Summary
Speed Gap: SECS-I operates on legacy serial connections (often limited to 9600 baud), while HSMS utilises TCP/IP over Ethernet, offering significantly higher bandwidth for modern data demands.
Infrastructure: Moving from point-to-point RS-232 cabling (SECS-I) to network-based architecture (HSMS) simplifies fab layouts and allows for remote diagnostics.
GEM Compliance: While both transport layers support SECS-II messaging, the advanced capabilities of GEM300 and high-frequency data collection usually necessitate the speed of HSMS.
Legacy Integration: Factories often run hybrid environments; understanding the nuances between these protocols is vital for integrating older “workhorse” tools with modern MES systems.
Introduction
The semiconductor industry is witnessing a massive surge in data generation. According to a 2024 market analysis by Statista, the global smart manufacturing market is projected to grow to over $240 billion by 2028, driven largely by data-heavy processes like predictive maintenance and real-time fault detection (Statista, 2024). For fab managers and SECS/GEM integration engineers, this data explosion presents a distinct challenge: the communication pipes connecting the equipment to the host must be big enough to handle the flow. This brings us to the critical infrastructure debate of HSMS vs SECS-I.
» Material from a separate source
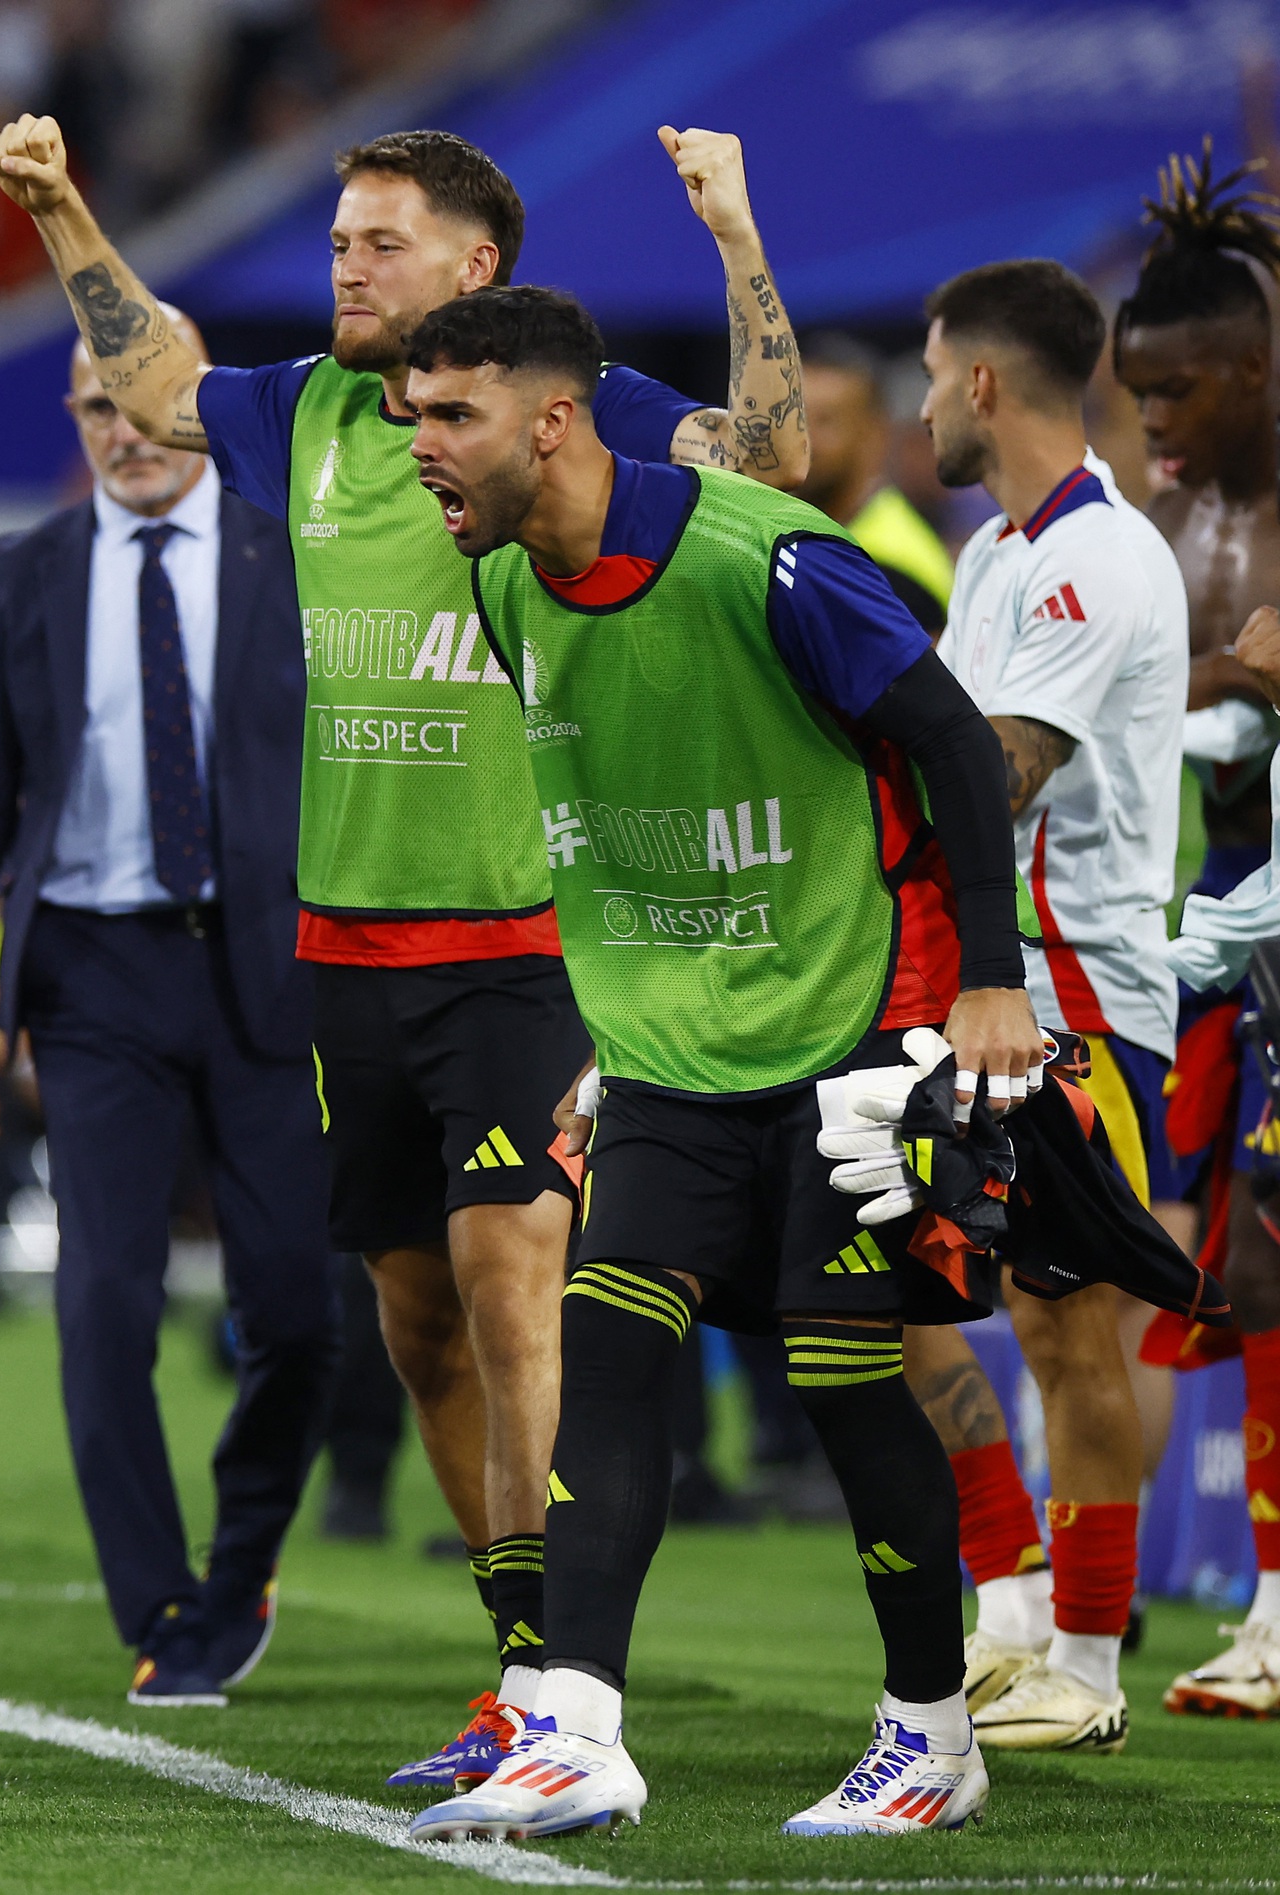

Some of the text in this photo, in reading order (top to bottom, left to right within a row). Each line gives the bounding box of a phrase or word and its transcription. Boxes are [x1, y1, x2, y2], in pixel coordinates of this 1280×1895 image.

For decades, the industry relied on serial cables and modest transmission speeds. However, as 200mm fabs upgrade and 300mm facilities push for higher throughput, the limitations of older protocols have become glaringly obvious. It isn’t merely about sending a “Start Process” command anymore; it is about streaming thousands of variable data points per wafer without choking the system.
Understanding the technical and practical differences between these two transport layers is essential for anyone involved in SECS/GEM communication protocol implementation. Whether you are building a new driver for an OEM tool or retrofitting a legacy etcher into a modern Smart Factory, choosing the right transport protocol dictates the reliability and scalability of your automation.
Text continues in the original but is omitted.